──────── Data section ────────
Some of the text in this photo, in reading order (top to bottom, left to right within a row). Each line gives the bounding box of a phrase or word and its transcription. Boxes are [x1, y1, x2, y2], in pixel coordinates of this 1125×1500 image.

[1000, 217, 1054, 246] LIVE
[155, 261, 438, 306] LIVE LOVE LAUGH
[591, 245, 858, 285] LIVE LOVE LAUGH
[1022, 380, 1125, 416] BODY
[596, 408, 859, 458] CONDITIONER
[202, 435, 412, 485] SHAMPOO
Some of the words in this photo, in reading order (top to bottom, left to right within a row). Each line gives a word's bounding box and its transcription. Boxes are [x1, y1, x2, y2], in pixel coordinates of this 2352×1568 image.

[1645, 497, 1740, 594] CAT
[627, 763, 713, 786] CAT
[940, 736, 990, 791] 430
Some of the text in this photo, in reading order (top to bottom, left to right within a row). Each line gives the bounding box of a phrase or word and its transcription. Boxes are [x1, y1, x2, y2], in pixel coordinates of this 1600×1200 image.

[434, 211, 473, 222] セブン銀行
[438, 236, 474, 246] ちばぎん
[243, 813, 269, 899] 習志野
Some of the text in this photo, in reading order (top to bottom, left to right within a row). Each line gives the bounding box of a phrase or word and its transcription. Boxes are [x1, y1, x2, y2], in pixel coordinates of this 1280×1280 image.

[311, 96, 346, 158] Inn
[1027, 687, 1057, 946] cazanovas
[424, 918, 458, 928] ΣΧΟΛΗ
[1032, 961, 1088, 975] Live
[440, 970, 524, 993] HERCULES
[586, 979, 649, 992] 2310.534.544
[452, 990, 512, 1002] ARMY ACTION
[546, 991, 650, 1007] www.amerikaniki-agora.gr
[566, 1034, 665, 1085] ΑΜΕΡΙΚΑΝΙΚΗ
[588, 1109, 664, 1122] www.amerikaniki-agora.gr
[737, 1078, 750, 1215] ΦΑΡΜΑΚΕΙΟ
────────
- [What the task asks]:
Locate "this 1280×1280 image." in the data above. Then repeat, exactly, its line and each line after it through the last, adding nothing.

- [Answer to the problem]:
Some of the text in this photo, in reading order (top to bottom, left to right within a row). Each line gives the bounding box of a phrase or word and its transcription. Boxes are [x1, y1, x2, y2], in pixel coordinates of this 1280×1280 image.

[311, 96, 346, 158] Inn
[1027, 687, 1057, 946] cazanovas
[424, 918, 458, 928] ΣΧΟΛΗ
[1032, 961, 1088, 975] Live
[440, 970, 524, 993] HERCULES
[586, 979, 649, 992] 2310.534.544
[452, 990, 512, 1002] ARMY ACTION
[546, 991, 650, 1007] www.amerikaniki-agora.gr
[566, 1034, 665, 1085] ΑΜΕΡΙΚΑΝΙΚΗ
[588, 1109, 664, 1122] www.amerikaniki-agora.gr
[737, 1078, 750, 1215] ΦΑΡΜΑΚΕΙΟ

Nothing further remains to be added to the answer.